The Episcopal Church has always been institutionally something of a fish out of water. Neither the Congregationalist mainstream of the Northeast, nor the evangelical of the South, it was formed and shaped in one historical and cultural context and transported to another, where it was nearly destroyed forever. The Episcopal Church has rarely, if ever, been the obvious religious choice in any part of America, even Virginia once Jefferson disestablished the church there. Its membership has always been mixed, from the chaos of the 18th century through to the present day. It has in the past tended to make up for its numerical disadvantage by allying itself with established social elites, and it has historically been highly inflexible institutionally when it comes to mission. Its early growth was hindered by a lack of clergy, and its resurgence in the 19th century was marked, for better or for worse, depending on who you ask, by a triumphalist but politically quietist episcopate. At the same time, it has drawn crucial support from its lay leadership and from the structures of prayer and devotion contained in the Book of Common Prayer, and at its core liturgical revival was, no less than the evangelicals, about bringing people to Christ, and bringing Christ to the people. Cranmer’s prayer was that we should hold on only to those things which are good in the past, trusting in the power of God to bring about a new future. This historian’s prayer is for discernment in the coming days, weeks, and months, that we come to understand which are the things we should carry forward with us, treasures new and old.

Hannah Matis
Hannah Matis
Dr. Hannah Matis is the associate dean for academic affairs and associate professor of church history at the University of the South’s School of Theology.

3 COMMENTS

  1. Dear Professor Matis: Thank you for this excellent article. I remember reading from George DeMille’s classic “The Catholic Movement in the American Episcopal Church” the chapter entitled, “A Church in Ruins” concerning the immediate post-Revolutionary years.
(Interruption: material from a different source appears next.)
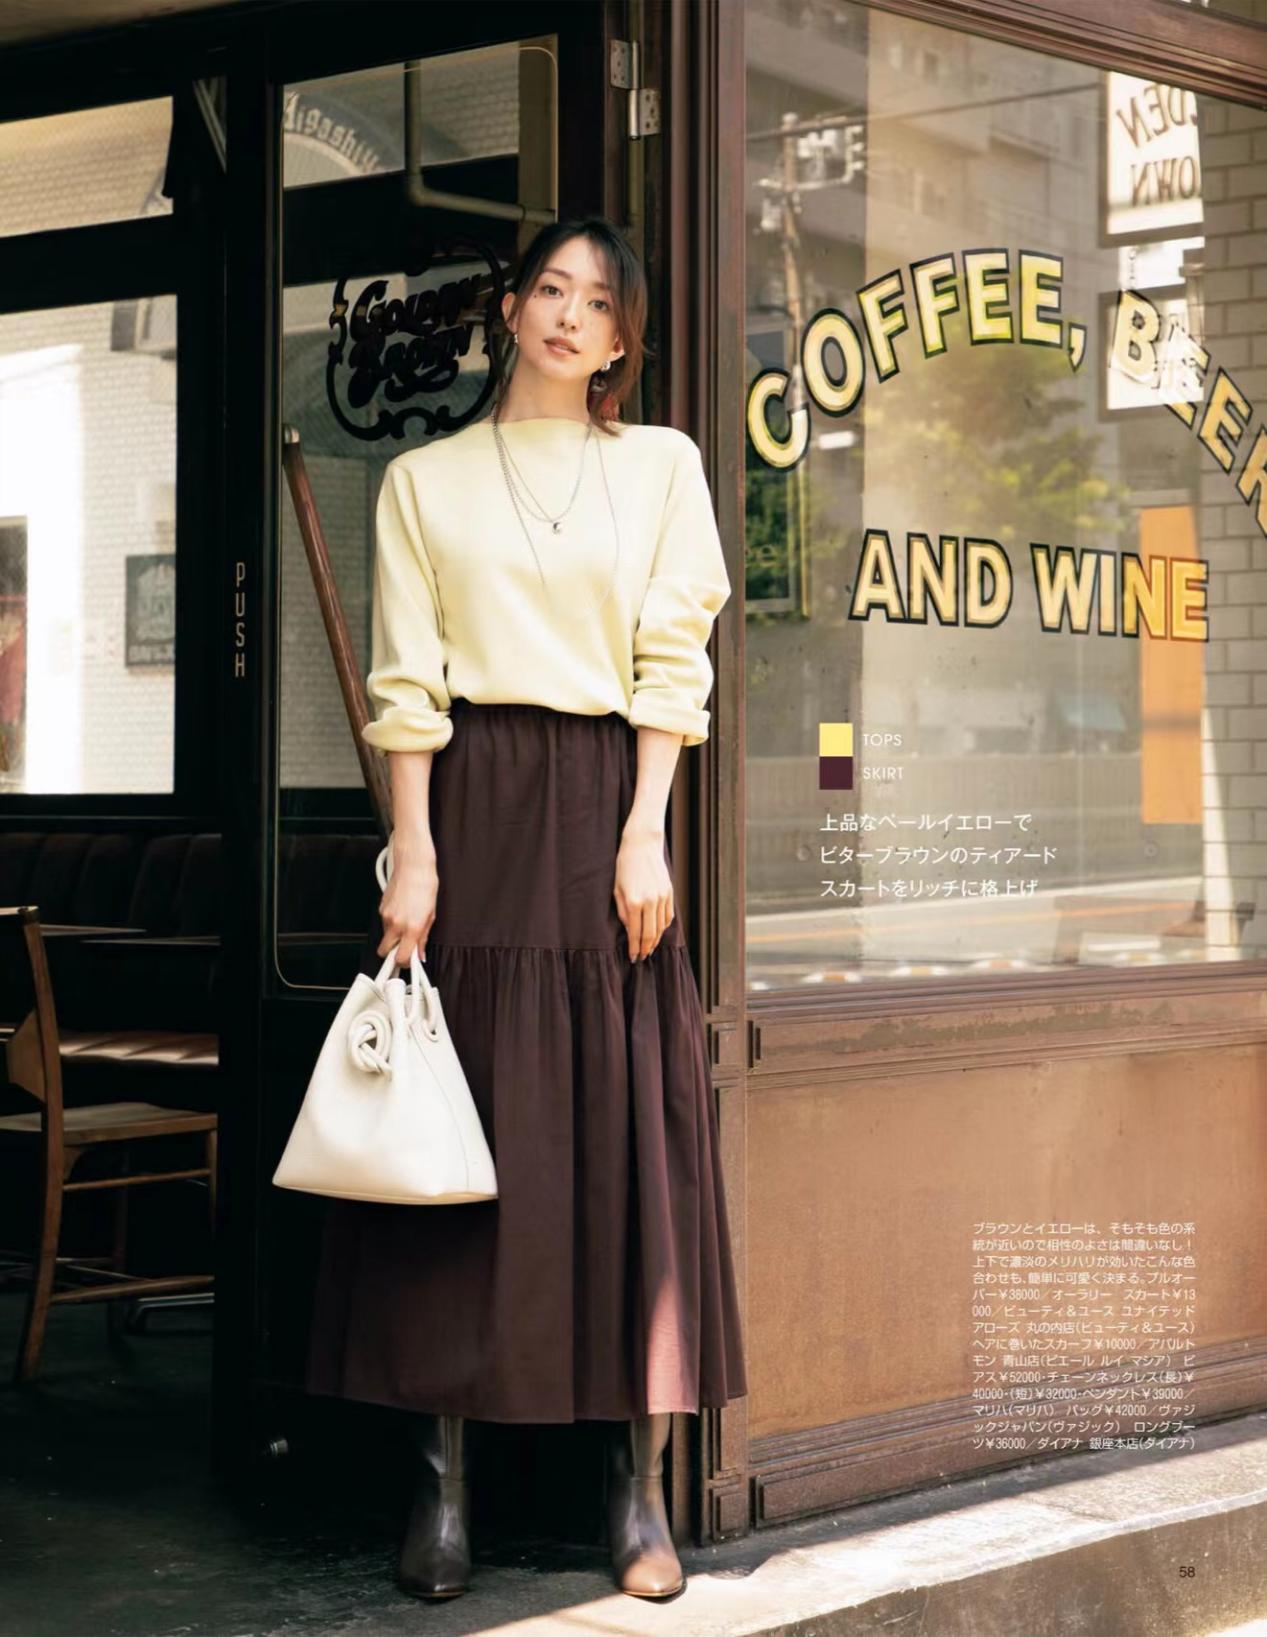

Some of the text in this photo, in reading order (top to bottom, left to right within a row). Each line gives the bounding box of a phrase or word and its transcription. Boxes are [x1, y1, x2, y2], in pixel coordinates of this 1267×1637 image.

[746, 247, 1087, 471] COFFEE,
[234, 562, 246, 678] PUSH
[848, 529, 1210, 642] AND WINE
One other delight I discovered over fifty years ago while doing my Oxford thesis on Newman and the Tractarians in re the Development of Doctrine: I came upon an essay by the then-Anglican JHN entitled “The Anglo-American Church.” It was inspired by his meeting the young Bishop Hobart during Hobart’s trip to the UK to meet the Tractarian leaders. It was very hopeful about our prospects. One funny detail involved Newman’s comment concerning the proposed building of what was to become the New York Cathedral of Saint John the Divine. Newman had bridled, like many Anglo-Catholics, at the name Protestant Episcopal Church, and wrote that he should as soon behold a griffin as a cathedral of such an entity. Well. I have been ordained fifty years and have seen a few griffins in my day. I suspect Newman, when he reached my age of 75, could say the same.

    Anyway thanks again for an encouraging article. The pandemic has been very hard on the church, but I am more impressed by the RC’s on how they’re handling it. I hope we come around from sounding as though we believe “Safety First” is the first beatitude. What even happened to the spirit of the nineteenth century Martyrs of Memphis?.

  2. There is an undertone of reverse “class-ism” in this post, well and heuristically written as it is. There is also an explicit linkage of “low-church” Episcopalianism with a sort of religious indifference that supposedly characterized the Church during its inception. Individuals like Martha Washington, together with many others of her generation, are evidence for another view. Moreover, and incidentally, the number of low-church/Morning Prayer Episcopal parishes on the ground today is quite minuscule.